Drop the pictures, then repeat every record exactly as it stands.
[Available data]
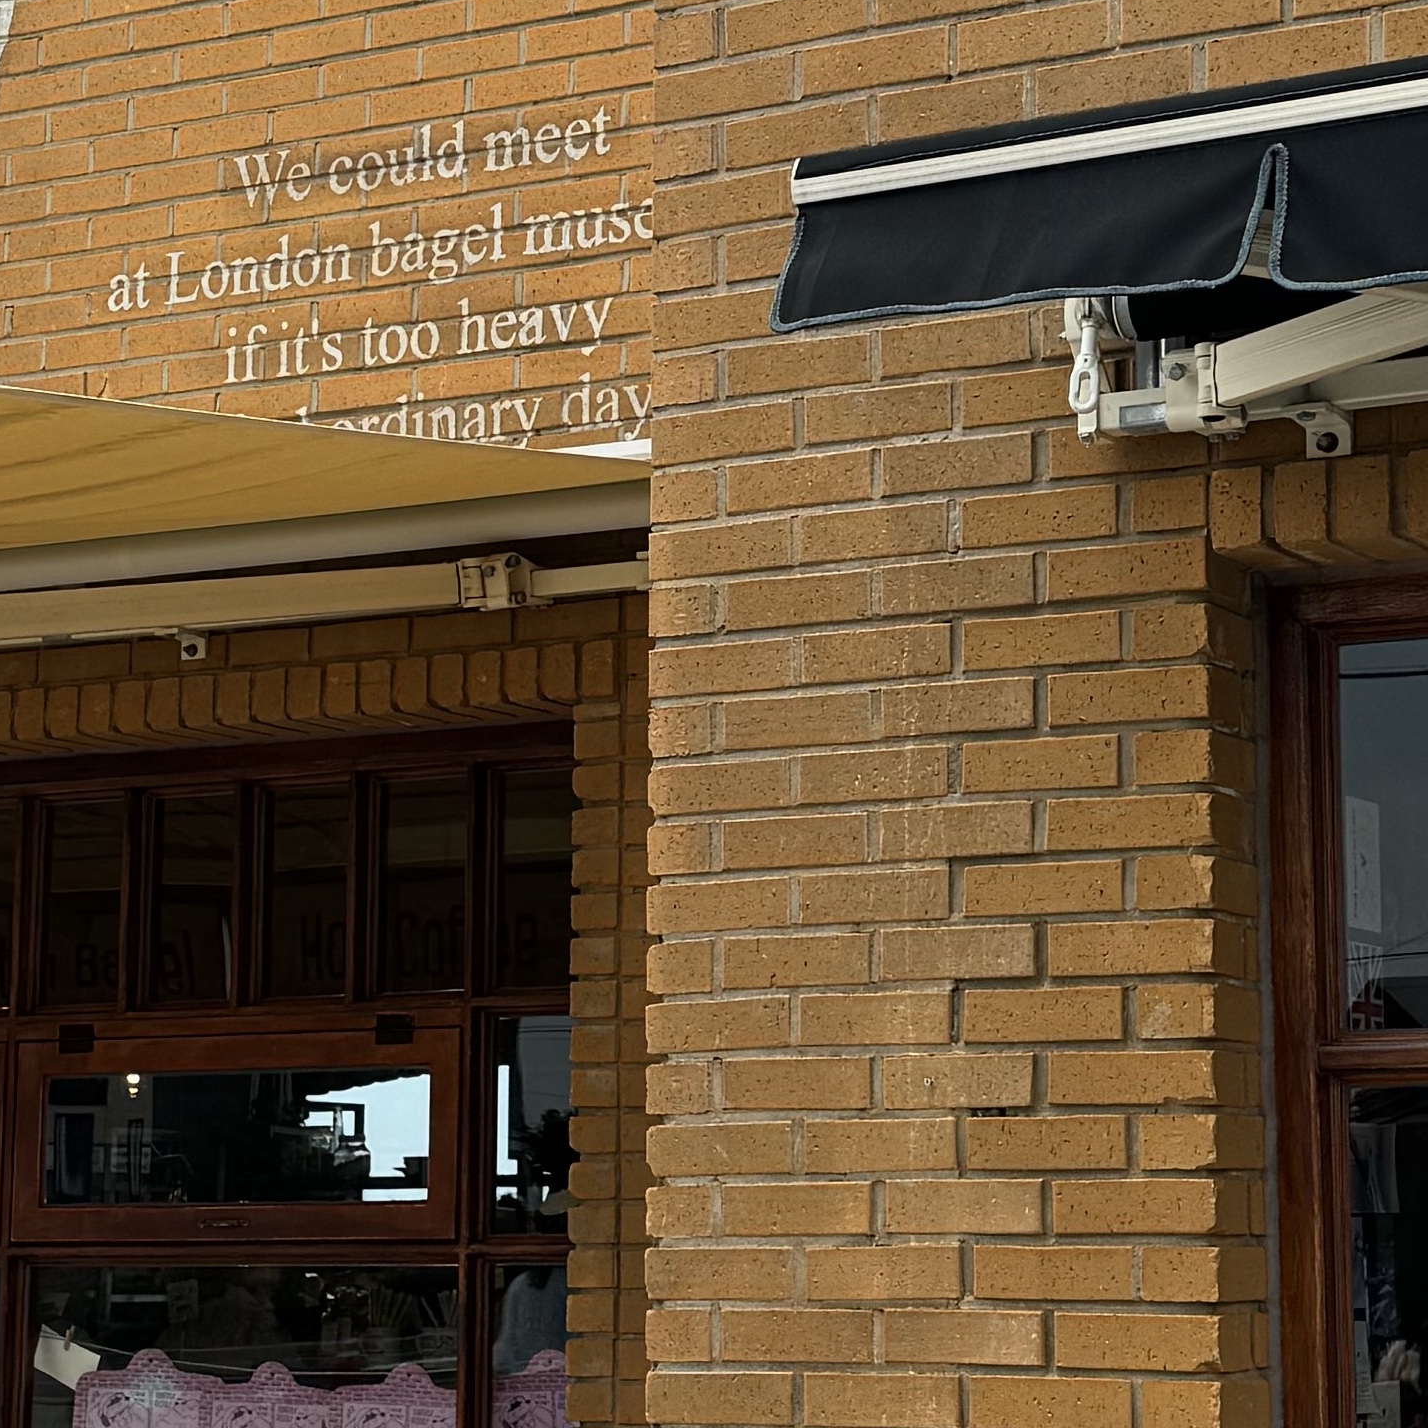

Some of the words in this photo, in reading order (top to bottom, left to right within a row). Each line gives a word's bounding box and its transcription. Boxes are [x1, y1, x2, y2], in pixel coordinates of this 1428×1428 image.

[233, 149, 312, 208] We
[328, 119, 468, 195] could
[483, 105, 613, 172] meet
[107, 261, 151, 313] at
[163, 234, 353, 306] London
[369, 202, 507, 284] bagel
[223, 324, 268, 384] if
[277, 318, 343, 377] it's
[361, 316, 441, 368] too
[456, 297, 615, 357] heavy
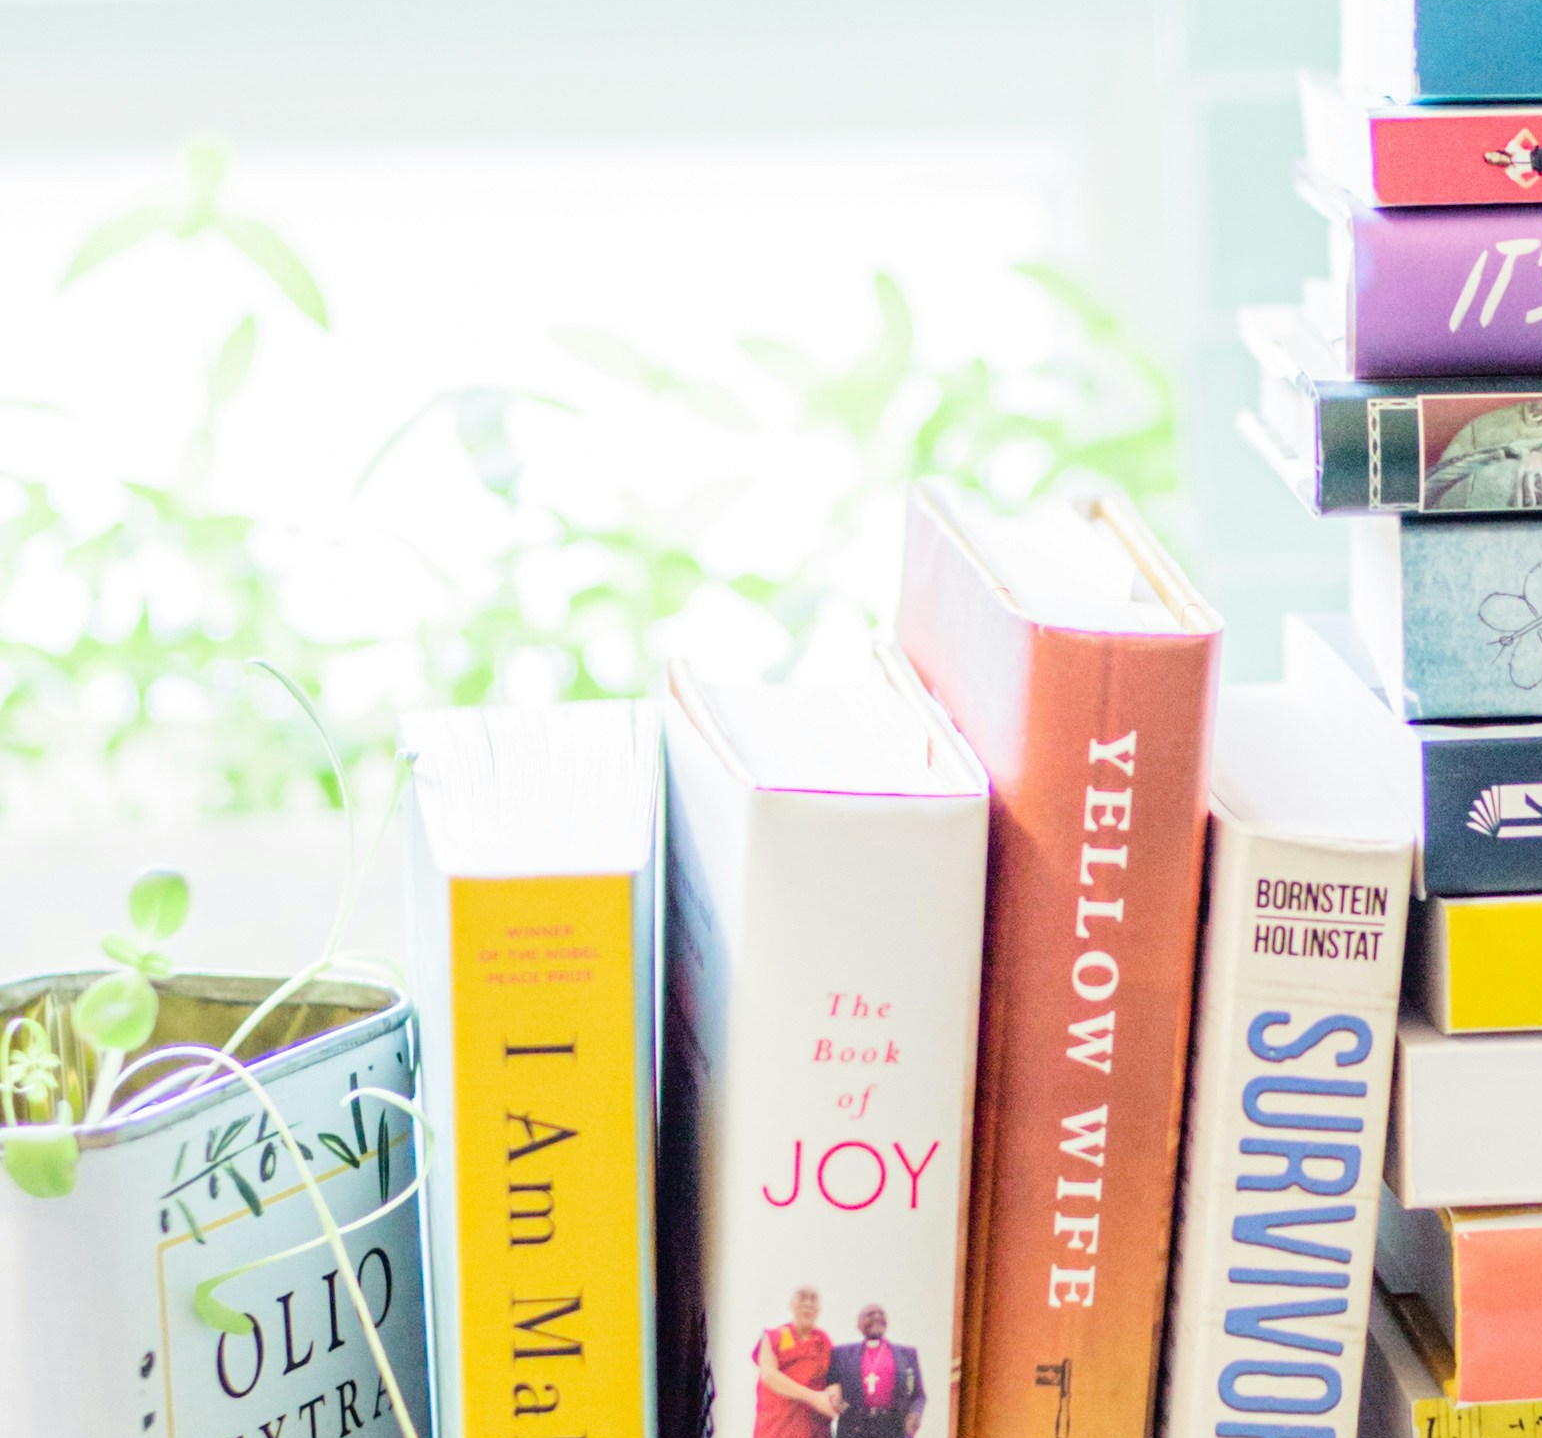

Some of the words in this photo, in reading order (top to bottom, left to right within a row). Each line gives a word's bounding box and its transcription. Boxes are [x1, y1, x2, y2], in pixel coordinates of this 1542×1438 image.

[1066, 729, 1138, 1074] YELLOW
[1256, 878, 1388, 918] BORNSTEIN
[1254, 925, 1384, 962] HOLINSTAT
[828, 993, 893, 1020] The
[503, 1033, 578, 1065] I
[813, 1038, 901, 1065] Book
[837, 1085, 878, 1120] of
[505, 1110, 581, 1251] Am
[762, 1139, 940, 1210] JOY
[1047, 1104, 1109, 1309] WIFE
[216, 1247, 392, 1398] OLIO
[/Available data]
Response to this exercise:
Some of the words in this photo, in reading order (top to bottom, left to right within a row). Each line gives a word's bounding box and its transcription. Boxes are [x1, y1, x2, y2], in pixel coordinates of this 1428×1428 image.

[233, 149, 312, 208] We
[328, 119, 468, 195] could
[483, 105, 613, 172] meet
[107, 261, 151, 313] at
[163, 234, 353, 306] London
[369, 202, 507, 284] bagel
[223, 324, 268, 384] if
[277, 318, 343, 377] it's
[361, 316, 441, 368] too
[456, 297, 615, 357] heavy

Some of the words in this photo, in reading order (top to bottom, left to right within a row). Each line gives a word's bounding box and its transcription. Boxes are [x1, y1, x2, y2], in pixel coordinates of this 1542×1438 image.

[1066, 729, 1138, 1074] YELLOW
[1256, 878, 1388, 918] BORNSTEIN
[1254, 925, 1384, 962] HOLINSTAT
[828, 993, 893, 1020] The
[503, 1033, 578, 1065] I
[813, 1038, 901, 1065] Book
[837, 1085, 878, 1120] of
[505, 1110, 581, 1251] Am
[762, 1139, 940, 1210] JOY
[1047, 1104, 1109, 1309] WIFE
[216, 1247, 392, 1398] OLIO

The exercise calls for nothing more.